WORK TASK:
Output the records precisely as they stand. Pictures are to be skipped.

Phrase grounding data
+ + +

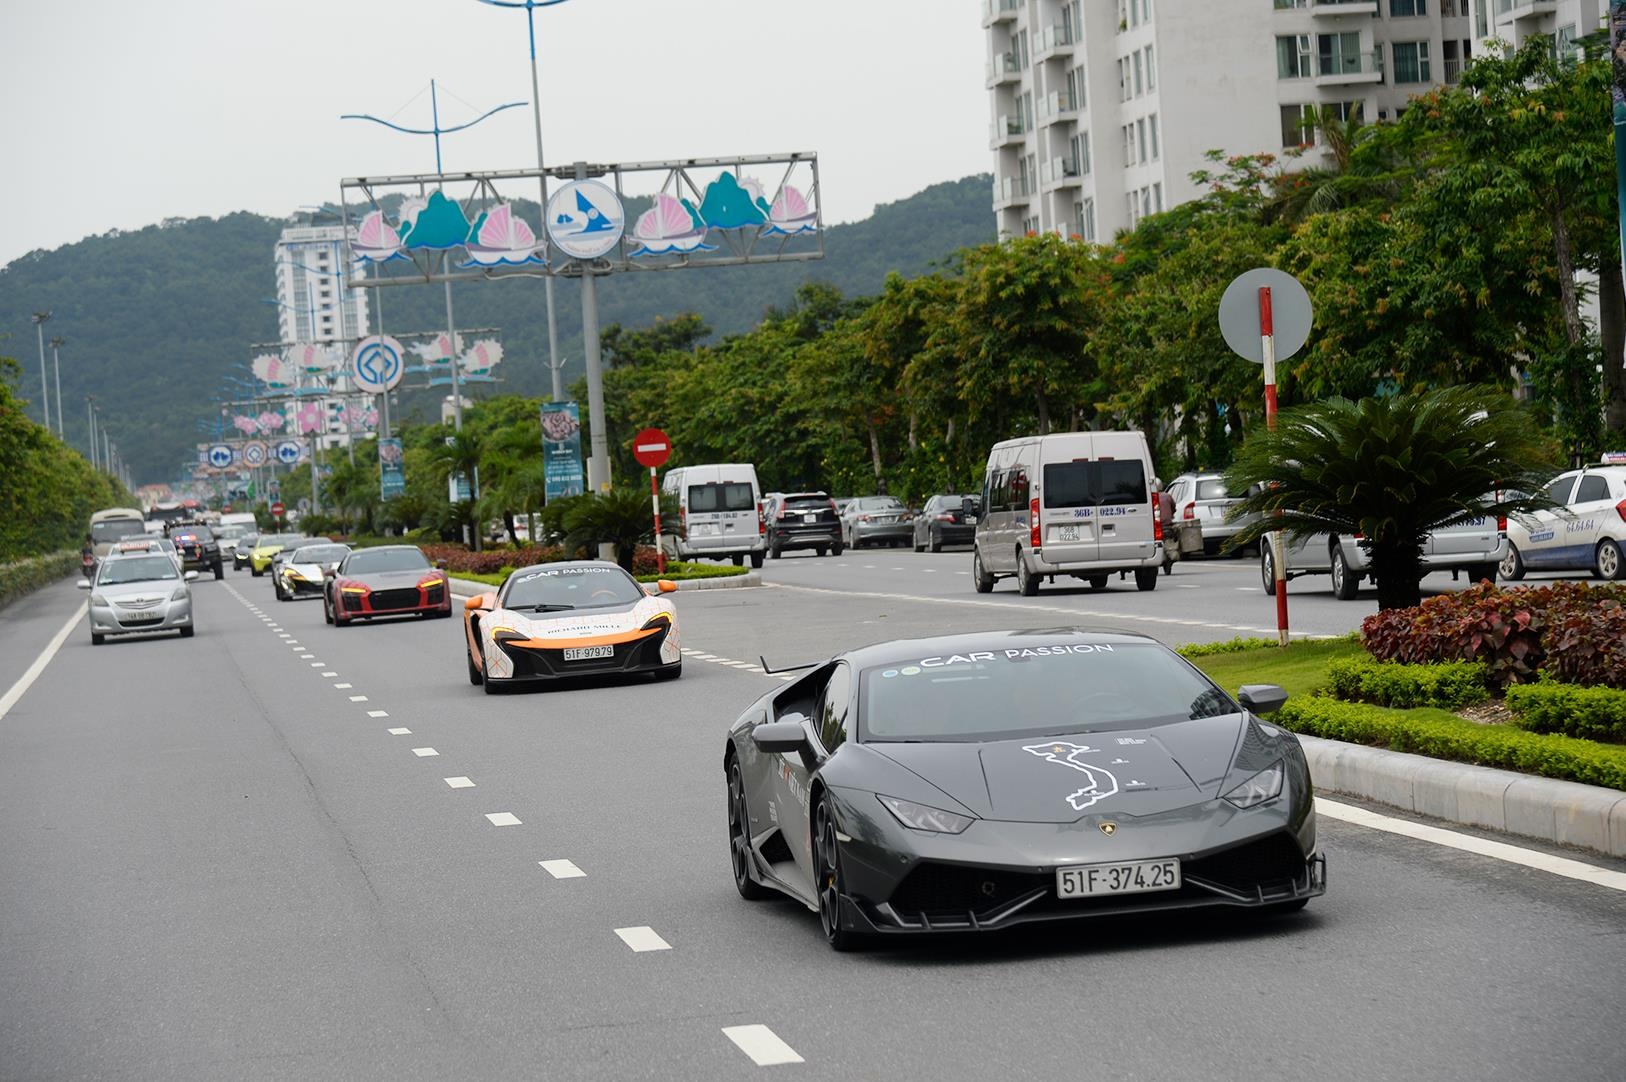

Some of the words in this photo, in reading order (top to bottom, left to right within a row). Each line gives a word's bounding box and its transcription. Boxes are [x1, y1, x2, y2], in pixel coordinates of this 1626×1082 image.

[526, 570, 560, 580] CAR
[919, 651, 997, 668] CAR
[1004, 644, 1114, 659] PASSION
[1062, 863, 1175, 894] 51F-374.25
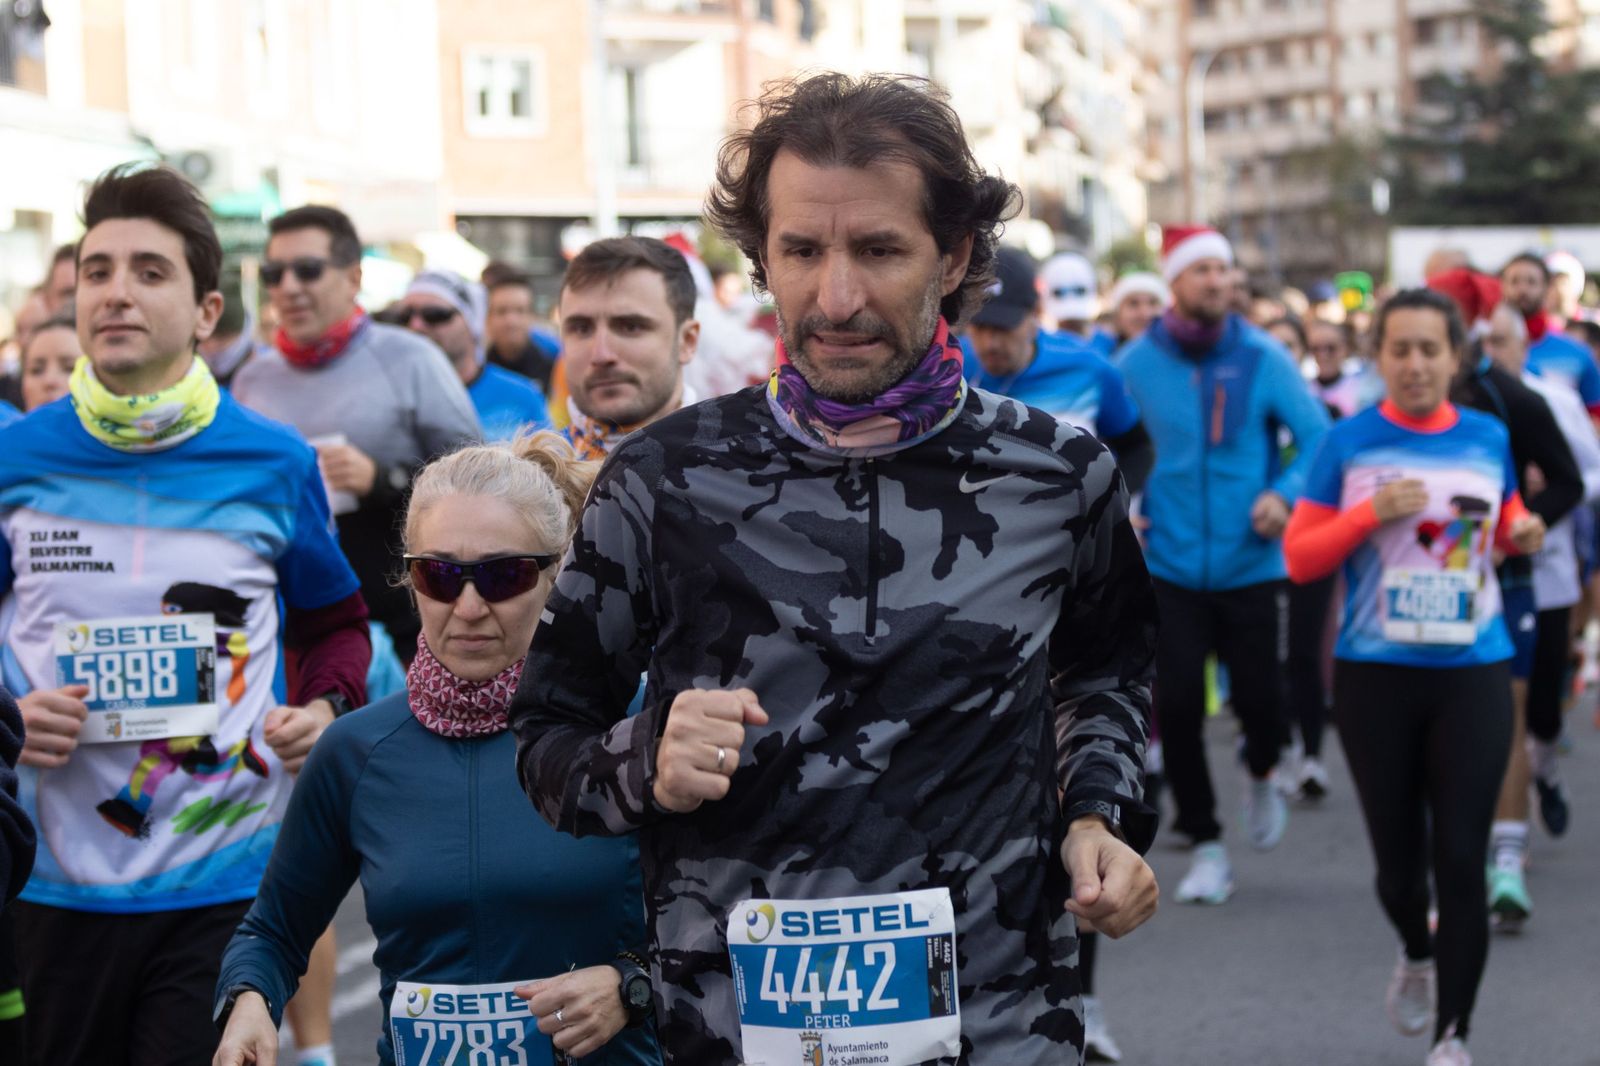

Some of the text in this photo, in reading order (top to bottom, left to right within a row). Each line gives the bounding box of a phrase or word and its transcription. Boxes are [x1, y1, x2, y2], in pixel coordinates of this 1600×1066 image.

[52, 531, 79, 541] SAN
[30, 546, 92, 557] SILVESTRE
[31, 561, 115, 573] SALMANTINA
[94, 624, 198, 646] SETEL
[73, 650, 178, 702] 5898
[781, 903, 929, 937] SETEL
[760, 941, 899, 1014] 4442
[433, 991, 529, 1015] SETE
[805, 1015, 851, 1028] PETER
[828, 1041, 889, 1055] Ayuntamiento
[829, 1055, 889, 1066] de Salamanca
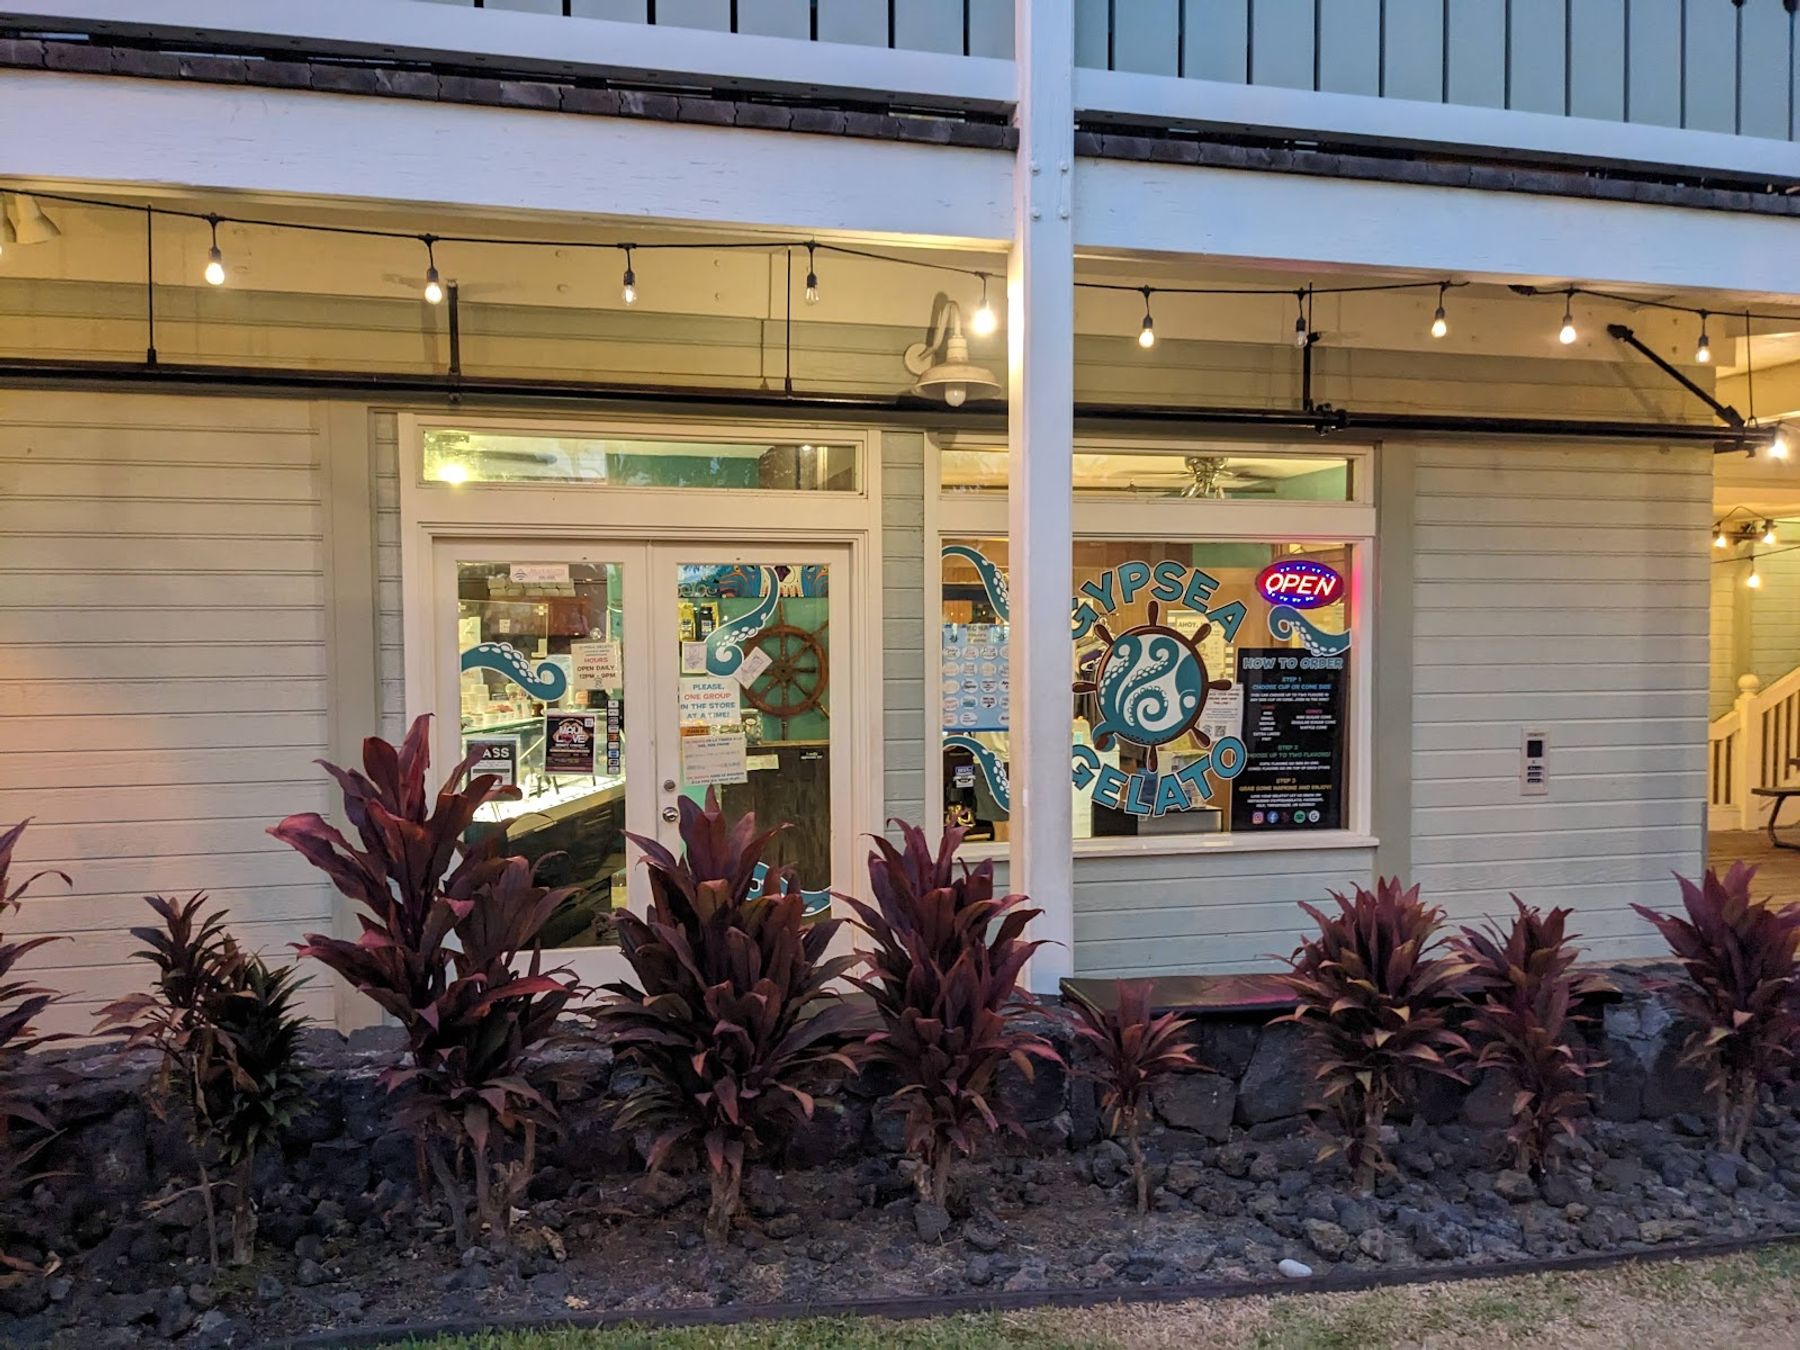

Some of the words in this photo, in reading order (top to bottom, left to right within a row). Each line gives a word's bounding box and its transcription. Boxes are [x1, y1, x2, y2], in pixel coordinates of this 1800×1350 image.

[1264, 573, 1337, 596] OPEN
[1072, 560, 1247, 643] GYPSEA
[1243, 657, 1276, 669] HOW
[1278, 657, 1298, 669] TO
[1300, 657, 1344, 670] ORDER
[482, 747, 510, 758] ASS
[1072, 736, 1247, 817] GELATO
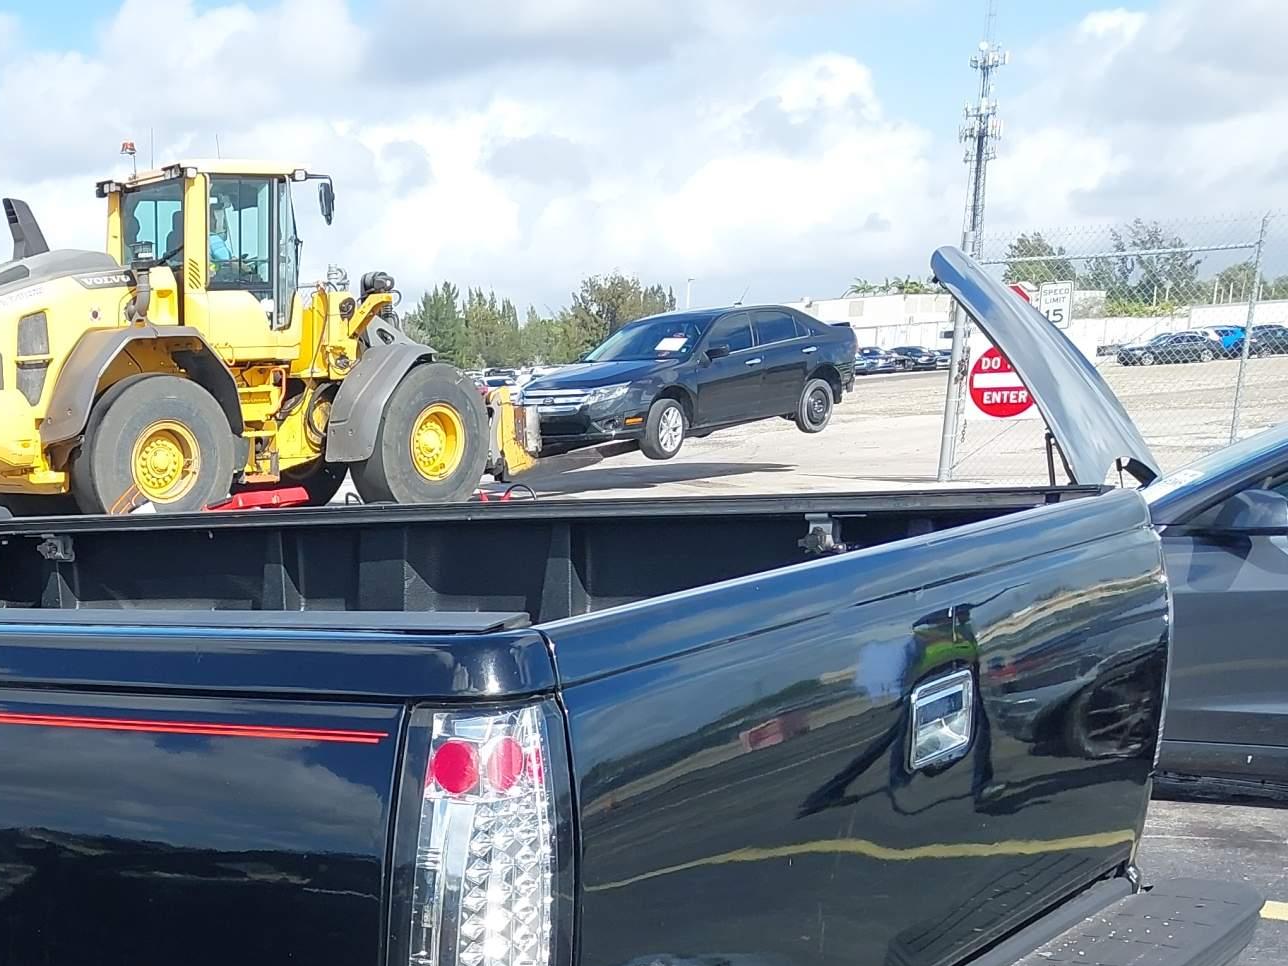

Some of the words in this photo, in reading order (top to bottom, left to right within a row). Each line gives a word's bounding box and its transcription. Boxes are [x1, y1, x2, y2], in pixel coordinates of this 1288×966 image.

[80, 274, 131, 285] VOLVO
[1043, 287, 1069, 297] SPEED
[1045, 296, 1067, 305] LIMIT
[1044, 308, 1064, 323] 15
[981, 356, 1002, 370] DO
[982, 390, 1028, 405] ENTER

+ + +

SOLVED EXERCISE:
Some of the words in this photo, in reading order (top to bottom, left to right within a row). Each line gives a word's bounding box and its transcription. Boxes are [x1, y1, x2, y2], in pixel coordinates of this 1626×1082 image.

[526, 570, 560, 580] CAR
[919, 651, 997, 668] CAR
[1004, 644, 1114, 659] PASSION
[1062, 863, 1175, 894] 51F-374.25

Some of the text in this photo, in reading order (top to bottom, left to right within a row). Each line gives the bounding box of a phrase or word and its transcription. Boxes are [x1, y1, x2, y2], in pixel coordinates of this 1600×1066 image.

[52, 531, 79, 541] SAN
[30, 546, 92, 557] SILVESTRE
[31, 561, 115, 573] SALMANTINA
[94, 624, 198, 646] SETEL
[73, 650, 178, 702] 5898
[781, 903, 929, 937] SETEL
[760, 941, 899, 1014] 4442
[433, 991, 529, 1015] SETE
[805, 1015, 851, 1028] PETER
[828, 1041, 889, 1055] Ayuntamiento
[829, 1055, 889, 1066] de Salamanca

Some of the words in this photo, in reading order (top to bottom, left to right within a row). Each line gives a word's bounding box and its transcription. Boxes are [x1, y1, x2, y2], in pixel coordinates of this 1800×1350 image.

[1264, 573, 1337, 596] OPEN
[1072, 560, 1247, 643] GYPSEA
[1243, 657, 1276, 669] HOW
[1278, 657, 1298, 669] TO
[1300, 657, 1344, 670] ORDER
[482, 747, 510, 758] ASS
[1072, 736, 1247, 817] GELATO

Some of the words in this photo, in reading order (top to bottom, left to right within a row). Each line gives a word's bounding box and its transcription. Boxes are [x1, y1, x2, y2], in pixel coordinates of this 1288×966 image.

[80, 274, 131, 285] VOLVO
[1043, 287, 1069, 297] SPEED
[1045, 296, 1067, 305] LIMIT
[1044, 308, 1064, 323] 15
[981, 356, 1002, 370] DO
[982, 390, 1028, 405] ENTER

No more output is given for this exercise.